Here is Bidart's poem "The Third Hour of the Night," which appeared in Poetry in 2004, and later in Star Dust.  It's a quintessential Bidart poem.

The Third Hour of the Night


When the eye

When the edgeless screen receiving
light from the edgeless universe
When the eye first

When the edgeless screen facing
outward as if hypnotized by the edgeless universe

When the eye first saw that it

Hungry for more light
resistlessly began to fold back upon itself          TWIST

As if a dog sniffing

Ignorant of origins
familiar with hunger
As if a dog sniffing a dead dog

Before nervous like itself but now
weird inert cold nerveless

Twisting in panic had abruptly sniffed itself

When the eye
first saw that it must die         When the eye      first

Brooding on our origins you
ask When and I say

Then


                                        *


wound-dresser                  let us call the creature

driven again and again to dress with fresh
bandages and a pail of disinfectant
suppurations that cannot
heal for the wound that confers existence is mortal

wound-dresser

what wound is dressed the wound of being


                                       *


Understand that it can drink till it is
sick, but cannot drink till it is satisfied.

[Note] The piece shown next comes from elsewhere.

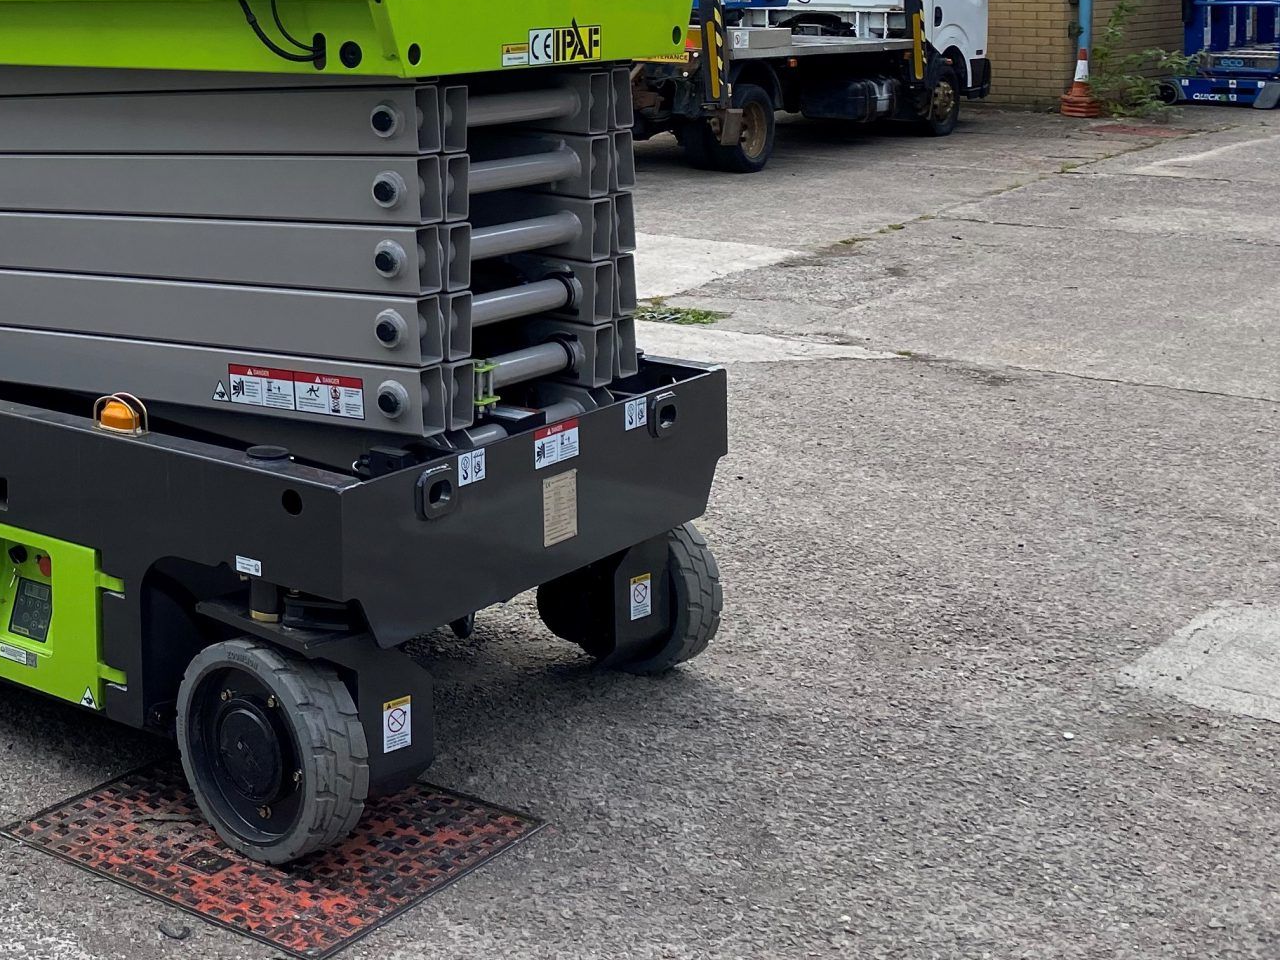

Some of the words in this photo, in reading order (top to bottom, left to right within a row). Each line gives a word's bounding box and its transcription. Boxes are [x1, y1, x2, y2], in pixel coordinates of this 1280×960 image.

It alone knows you. It does not wish you well.

Understand that when your mother, in her only
pregnancy, gave birth to twins

painfully stitched into the flesh, the bone of one child

was the impossible-to-remove cloak that confers
invisibility. The cloak that maimed it gave it power.

Painfully stitched into the flesh, the bone of the other child

was the impossible-to-remove cloak that confers
visibility. The cloak that maimed it gave it power.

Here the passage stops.